Dopo una serata in preda allo sconforto ci infiliamo a letto con le parole di Andrew a consolarci. Vedrete che se tutto va bene da domani si cambia marcia. E la sua esperienza quinquennale come guida locale dopo aver lasciato il Canada non ci ha tradito. La pioggia aveva imperversato tutta la notte ha lasciato spazio a una fitta nevicata che al risveglio ci ha regalato un soffice manto nevoso di almeno 40cm. La temperatura di almeno -10c° ha fatto il resto. E finalmente abbiamo iniziato a poter godere della famosa Powder Giapponese. La quantità di neve che continuamente grazia queste colline è impressionante. Si perché di colline si tratta difficilmente si superano i 1500mt di altezza massima e spesso si parte da 200mt. Quindi tanta ma tanta vegetazione e pendenze non certo estreme. Ma condite tutto con un continuo apporto nevoso che copre le tracce tra un passaggio e l’altro ed avrete completato la ricetta Giapponese.

Ci siamo dedicati quindi come da programma al nostro trip on the road.
Il primo spostamento da Niseko a Rusuku non ha comportato molta strada. Le due stazioni sono le mete più conosciute ed organizzate. Qui abbiamo conosciuto l’anima organizzata degli sport invernali in Hokkaido. Il periodo scelto ha permesso di avere impianti liberi e discese poco affollate, con la neve sempre al ginocchio.

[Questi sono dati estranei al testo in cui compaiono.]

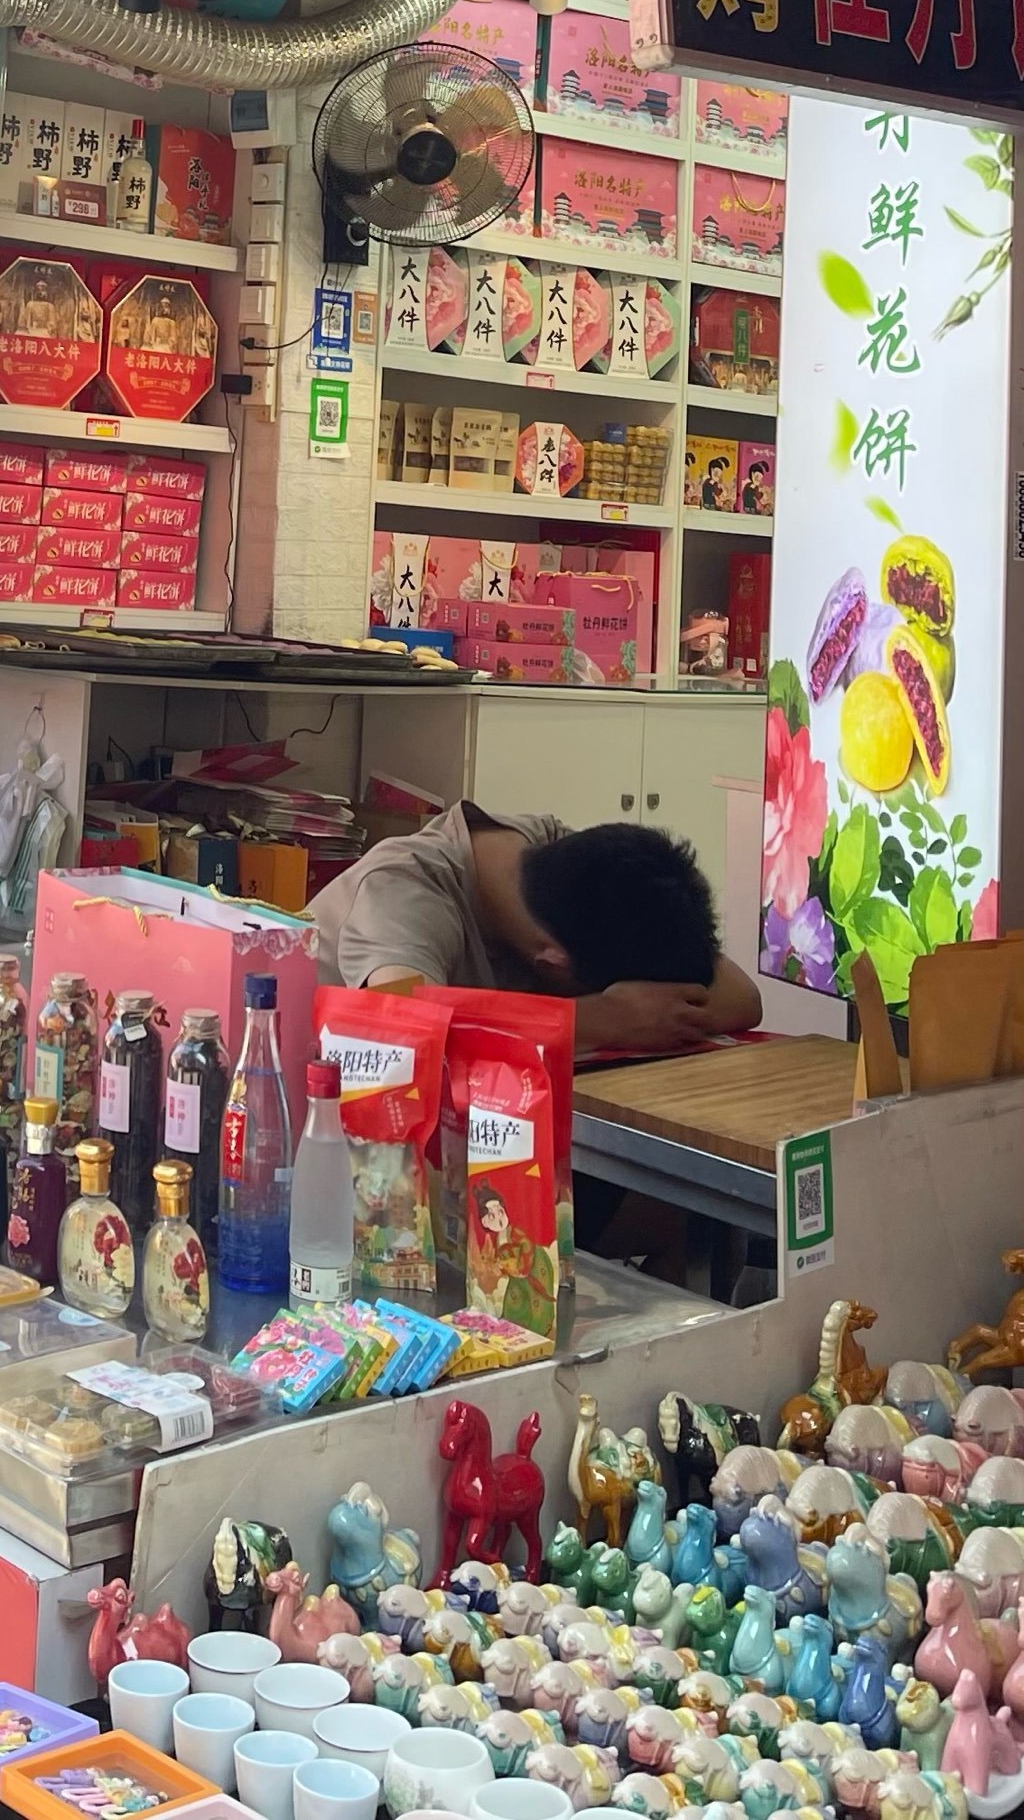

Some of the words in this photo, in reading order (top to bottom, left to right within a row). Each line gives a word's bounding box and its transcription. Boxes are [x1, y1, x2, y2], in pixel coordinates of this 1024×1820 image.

[32, 119, 61, 171] 柿野
[71, 127, 100, 179] 柿野
[125, 176, 147, 211] 柿野
[397, 255, 422, 335] 大八件
[473, 268, 498, 344] 大八件
[546, 279, 569, 354] 大八件
[618, 289, 641, 362] 大八件
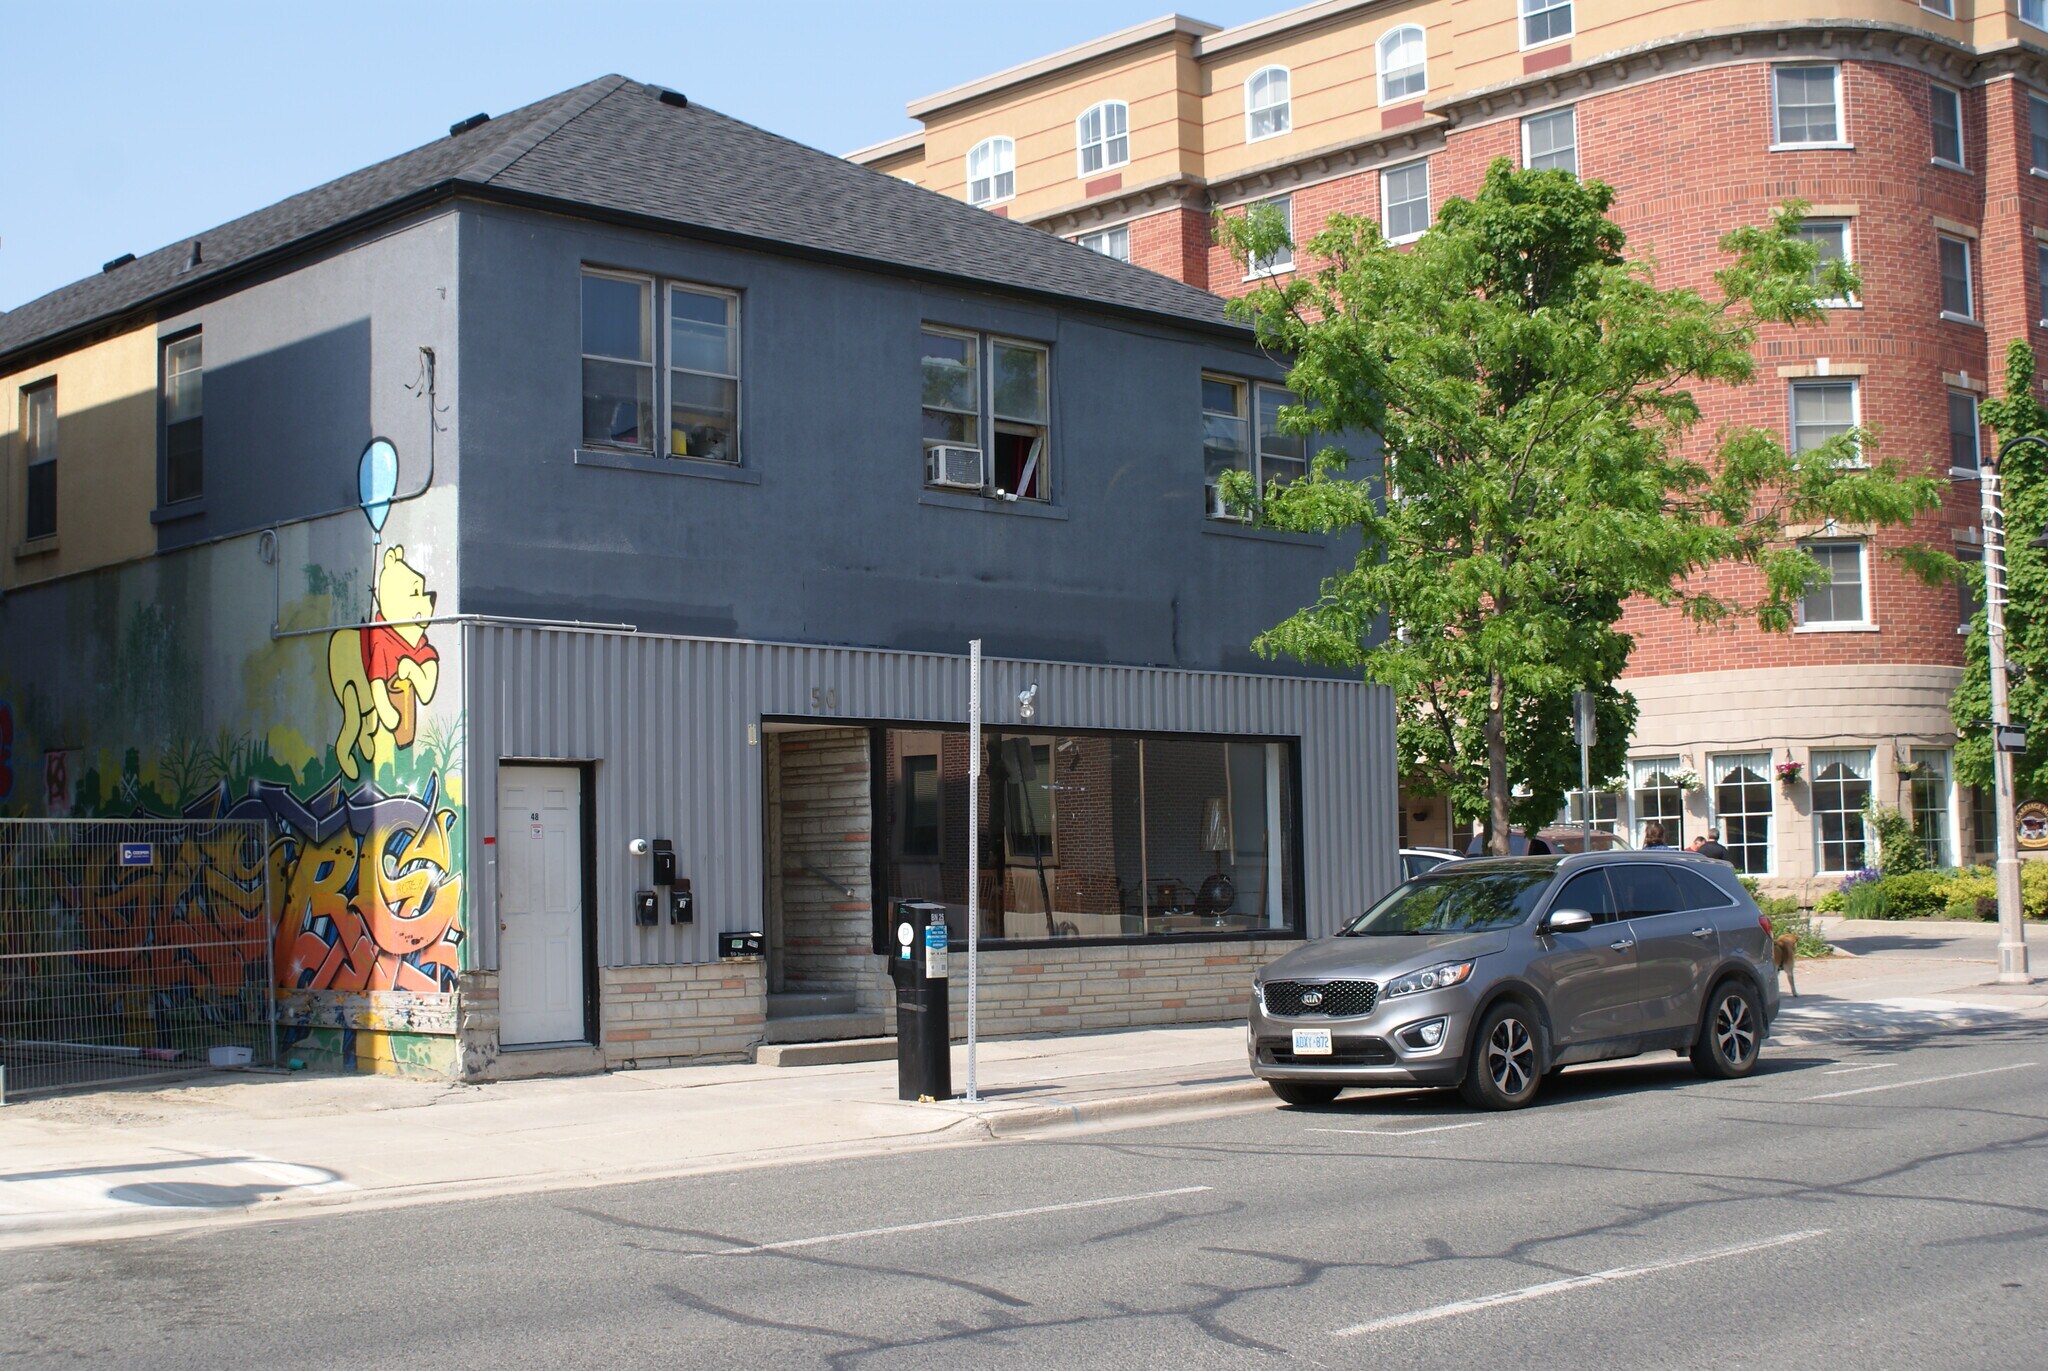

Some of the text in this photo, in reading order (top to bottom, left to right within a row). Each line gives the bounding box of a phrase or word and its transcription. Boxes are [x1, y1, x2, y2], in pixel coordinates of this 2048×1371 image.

[811, 687, 837, 709] 50
[530, 812, 540, 821] 48
[931, 913, 945, 921] BN 25
[1303, 994, 1319, 1004] KIA
[1315, 1036, 1329, 1048] 872
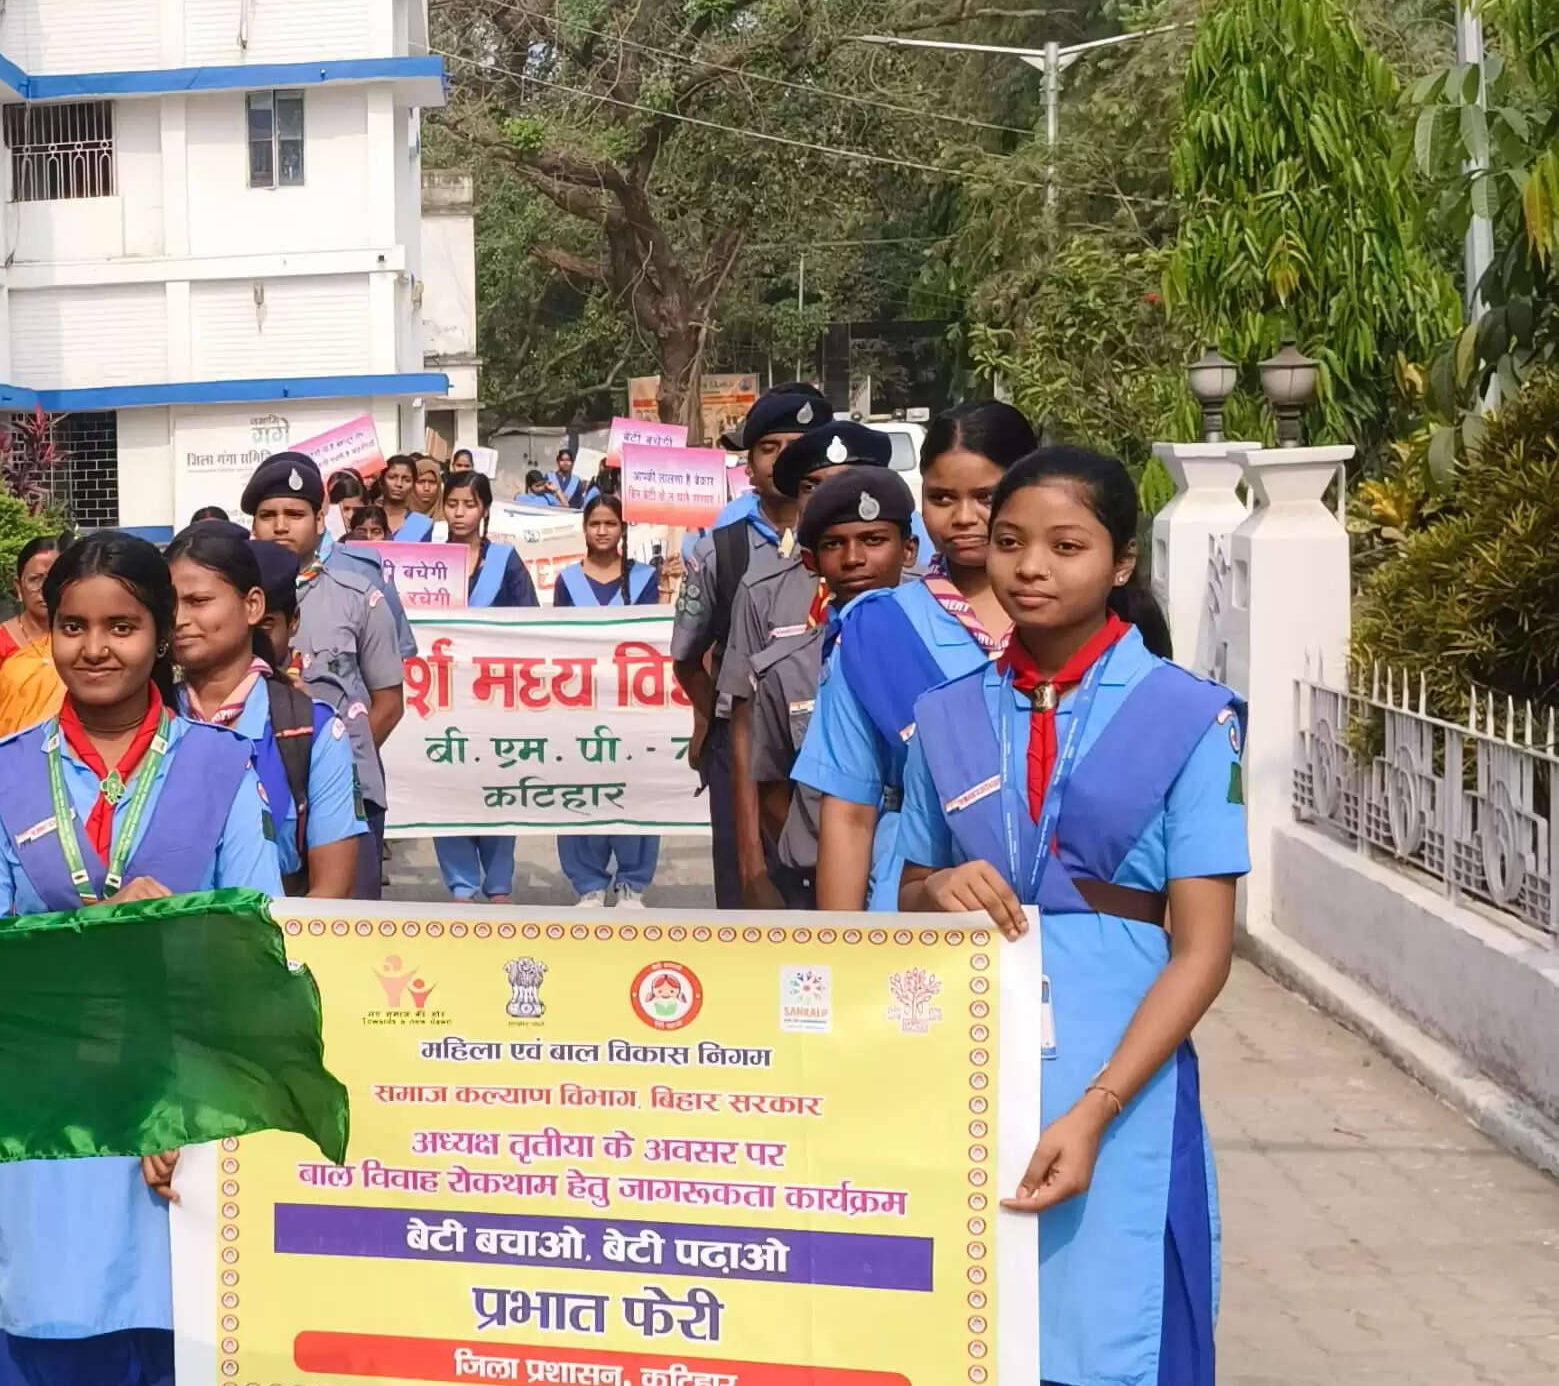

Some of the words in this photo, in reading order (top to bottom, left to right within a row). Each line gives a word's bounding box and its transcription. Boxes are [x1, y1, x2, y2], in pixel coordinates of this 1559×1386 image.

[402, 560, 449, 581] बचेगी
[407, 587, 451, 606] रचेगी
[483, 775, 627, 816] कटिहार
[421, 1037, 501, 1061] महिला
[510, 1038, 541, 1061] एवं
[550, 1043, 599, 1063] बाल
[608, 1039, 690, 1065] विकास
[698, 1041, 772, 1067] निगम
[373, 1084, 448, 1103] समाज
[455, 1085, 552, 1106] कल्याण
[650, 1086, 719, 1113] बिहार
[727, 1093, 824, 1116] सरकार
[509, 1127, 594, 1164] तृतीया
[603, 1130, 635, 1159] के
[644, 1139, 739, 1165] अवसर
[745, 1143, 786, 1167] पर
[298, 1163, 356, 1187] बाल
[361, 1159, 441, 1193] विवाह
[448, 1166, 558, 1196] रोकथाम
[567, 1169, 611, 1208] हेतु
[618, 1178, 777, 1208] जागरूकता
[784, 1181, 908, 1216] कार्यक्रम
[406, 1217, 467, 1253] बेटी
[602, 1228, 665, 1265] बेटी
[674, 1238, 791, 1274] पढ़ाओ
[471, 1286, 610, 1334] प्रभात
[622, 1286, 726, 1341] फेरी
[453, 1347, 519, 1380] जिला
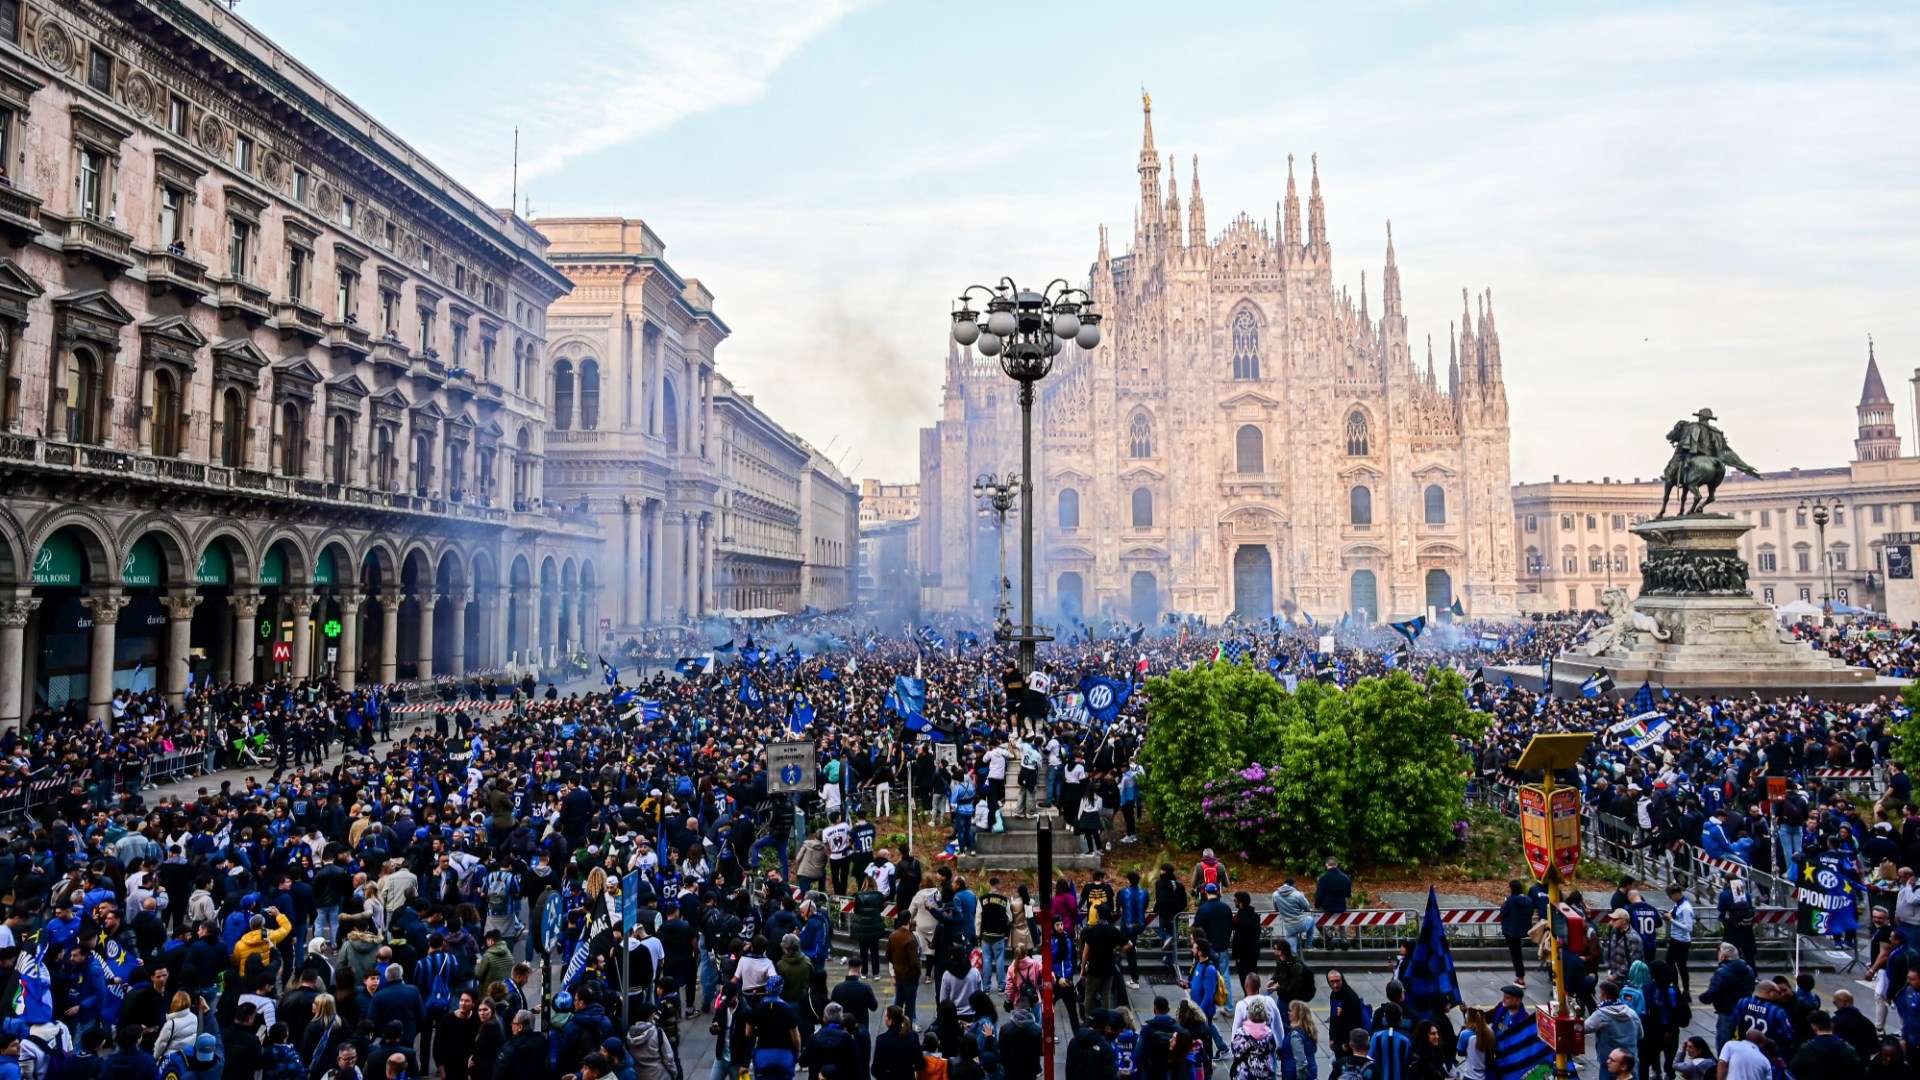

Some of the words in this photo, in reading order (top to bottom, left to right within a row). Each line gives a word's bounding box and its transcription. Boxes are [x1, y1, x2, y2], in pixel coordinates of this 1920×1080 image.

Ci siamo quindi spostati a Kokusai, dove abbiamo apprezzato diverse discese, ma soprattutto un buon numero di drop naturali dove abbiamo messo alla prova le nostre gambe.
Da Kokusai ci siamo spostati a Korudake nel centro di Hokkaido dove la conformazione Montana è cambiata, con discese più ripide. Questa stazione mi ha impressionato soprattutto per la quantità di alberi da evitare! Una vera e propria gimkana tra fittissimi bambù.
Ogni curva il rischio di scontro è alto e Tobias non ne è stato immune, e più di una volta si è fermato su un albero.
Le serate sono sempre state coronate da cene abbondanti dove abbiamo assaggiato le specialità locali. Sulla dispersa isola di Hokkaido trovare il sushi non è facile e solo a Sapporo abbiamo gustato questa prelibatezza in un locale molto ma molto tipico.
L’ultima giornata è stata quella meno fortunata per il sottoscritto.
Forse complici le gambe un po’ cotte ho anche la fitta nebbia, Atterrando da un Drop non tengo la posizione e mi sdraio. La sfortuna vuole che sotto il manto nevoso ci sia una pianta tagliata che mi si infila nel fianco, per fortuna senza conseguenze troppo gravi. Solo al rientro in Italia scopro che una costola è rotta. Ma questo non mi ha impedito di bisbocciare pesantemente l’ultima sera prima dell’imbarco a Sapporo.
Del resto si sa che l’alcool è un buon anestetico.



A parte quindi il ricordo che si infittisce di dolore ad ogni respiro devo dire che l’esperienza Giapponese la caldeggio. E se siete fortunati Marzo vi assicura Powder e tracce sempre fresche e libere anche al pomeriggio.
A presto con report ancora più dettagliati sulle riviste di settore.